Accessing sub-50 fs temporal realms will disclose the chance to address the open case of vibrational relaxation and intersystem crossing processes in DNA and RNA nucleic acid bases. The joint action of TA and IVS has the potential to access at the same time electronics dynamics and vibrational fingerprints, enabling us to map all the degrees of freedom of photoexcited systems. The quest to understand how these molecules transform the absorbed energy into heat, redistributing it as kinetic energy among all the de-excitation channels and dissipating it into the environment avoiding damage, has recently become a hot topic [6-7]. In fact, highly efficient nonradiative decay pathways can guarantee that most excited states do not lead to deleterious reactions but instead relax back to the ground electronic state. Understanding nucleic acid basis photo-physics requires to identify the concurring pathways that reduce DNA damaging (as photon emission or nonradiative transitions to the ground state) as opposed to photo-reaction processes that are the doorways to structural deformations and intersystem crossing [7-8]. Although the last decade has witnessed a large number of experimental and theoretical studies to address this subject, identifying the vibrational degrees of freedom that lead to a de-excitation from the initially populated electronic state to an hot 1n-pi* excited singlet state is a crucial and still uncharted challenge. In fact, while it has been possible to identify the presence of such 1n-pi* electronic state, the conventional temporal resolution of pump-probe experiment is still inadequate to measure and assign the different and fastest transition timescales, which are theoretically expected on sub-50 fs regimes [8]. For this reason, the present project can provide a powerful tool to capture the first stages of nucleic acid bases photochemistry. Most important, enabling IVS to detect 3000 cm-1 modes, it would enable to identify the reaction-driven excited state manifold, responsible for the promptly harvesting of the photo-deposited energy, in these molecular compounds.
References:
[1] Richter M. et al., Phys.Chem.Chem.Phys., 16, 24423 (2014).
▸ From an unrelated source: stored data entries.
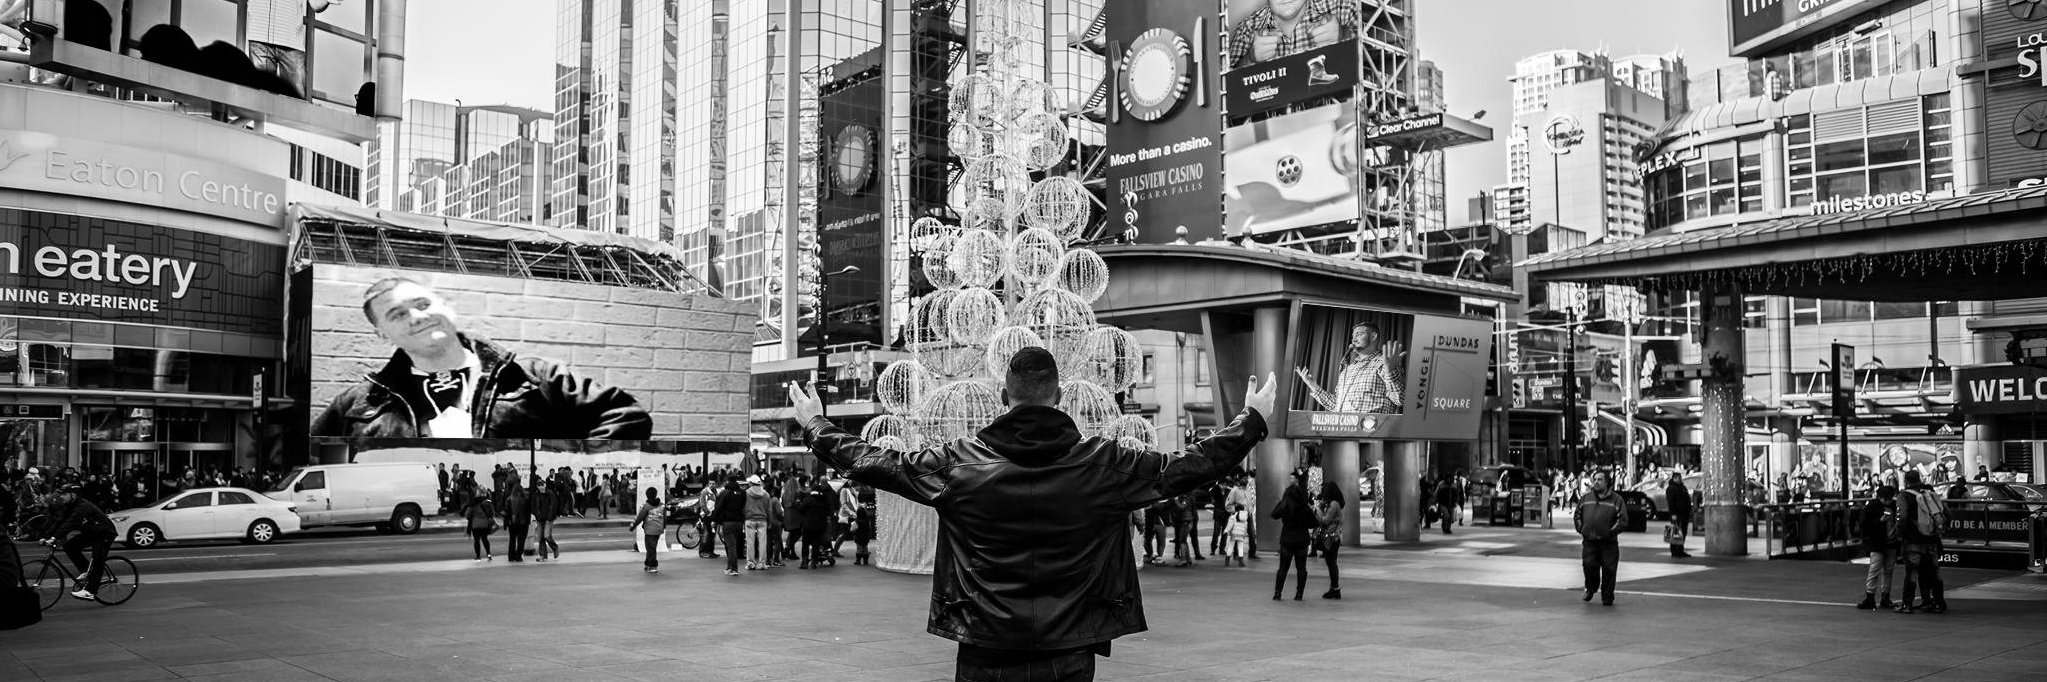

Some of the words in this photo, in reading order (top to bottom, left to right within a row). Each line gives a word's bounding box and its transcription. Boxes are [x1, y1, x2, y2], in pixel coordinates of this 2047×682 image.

[1242, 70, 1276, 86] TIVOLI
[1278, 67, 1287, 77] II
[1379, 123, 1402, 135] Clear
[1403, 114, 1440, 130] Channel
[1110, 153, 1136, 167] More
[1138, 147, 1161, 161] than
[1163, 145, 1171, 155] a
[1173, 136, 1212, 153] casino.
[45, 148, 164, 193] Eaton
[178, 170, 278, 215] Centre
[1120, 170, 1166, 194] FALLSVIEW
[1168, 162, 1203, 185] CASINO
[1120, 192, 1167, 204] NGARA
[1172, 182, 1203, 195] FALLS
[1810, 189, 1923, 216] milestones
[34, 244, 197, 299] eatery
[58, 292, 159, 312] EXPERIENCE
[1438, 335, 1479, 349] DUNDAS
[1416, 356, 1430, 409] YONGE
[1433, 397, 1471, 409] SQUARE
[1963, 520, 1975, 529] BE
[1978, 520, 1985, 529] A
[1989, 521, 2029, 531] MEMBER
[2] Ferrante C. et al., Nature Chem. 8, 1137 (2016).
[3] Batignani G. et al., J. Chem. Phys. Lett., 7, 2981 (2016).
[4] Horn A., Ultra-fast Material Metrology, Wiley-VCH (2009).
[5] Zewail A. H., J. Phys. Chem. A, 104, 5660 (2000).
[6] Gustavsson T. et al., J. Phys. Chem. Lett., 1, 2025 (2010).
[7] Crespo-Hernandez C. E. et al., J. Am. Chem. Soc., 137, 4368 (2015).
[8] Doorley G. W. et al., Angew. Chem., Int. Ed., 7, 123 (2009).